Sunday, October 08, 2006

Divorce in the Inbox

The Eighteenth Sunday after Pentecost, Proper 22

Year B (BCP Lectionary)

Sunday, October 8 th, 2006

Today’s gospel is one that any sensible preacher dreads – a short, pithy teaching about divorce that cuts in every direction. Coming right out of Mark’s Gospel, which tends not to mince words anyway, Jesus’ teaching sounds particularly pointed. And for any and all of us who have had to live through the pain of divorce – whether or own or someone we deeply care about – Jesus’ words can be more than just difficult. He seems to walk right into the midst of the pain and confront us with it. This is not the kind man of the beatitudes, or the warm shepherd leading his flock. These are the hard-edged words of an apocalyptic teacher caught up in a no-holds-barred debate with the religious authorities of his day. . .

And caught up in a debate with us, God’s People, about the very nature of human relationships – and how seriously we are called by God to take them.

In Jesus’ day, marriage was not as we in the West now view it – a contract between two individuals – but an agreement between families, the combining of blood lines and a public understanding between men: namely the groom and the father of the bride. The wife involved was a transaction of particular importance, most valued for her ability to bear a male heir for her husband. The transaction would be completed by her leaving her father’s household and entering that of her husband. But even then, she remained a stranger to her husband’s family – an outsider who would only gain status when her hoped-for son would arrive, at last bringing her esteem as mother of the heir.

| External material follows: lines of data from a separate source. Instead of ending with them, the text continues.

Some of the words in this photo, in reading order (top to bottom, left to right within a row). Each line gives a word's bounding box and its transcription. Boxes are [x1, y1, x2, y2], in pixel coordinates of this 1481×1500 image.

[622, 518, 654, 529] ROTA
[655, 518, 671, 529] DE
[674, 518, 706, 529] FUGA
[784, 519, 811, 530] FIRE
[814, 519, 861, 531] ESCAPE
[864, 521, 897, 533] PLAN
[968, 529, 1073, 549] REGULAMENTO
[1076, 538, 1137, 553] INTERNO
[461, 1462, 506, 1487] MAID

With a narrow understanding of marriage like this, there was more than one reason around honor for a man to divorce his wife: she might not bear a son, she might not be able to bear any children at all, she might displease his family. And if he divorced her, he brought shame on her father’s household, who might exact revenge or otherwise start a bitter feud that could go on for generations. Divorce, you see, in Jesus’ time – while not beyond the power of women to initiate – was largely the man’s prerogative. And the divorced woman was only the property involved – if she were not reclaimed by her father, she would have to turn to begging. . .or worse. And even if she was taken back into the household of her birth, the rest of the society was likely to see her as nothing more than damaged goods.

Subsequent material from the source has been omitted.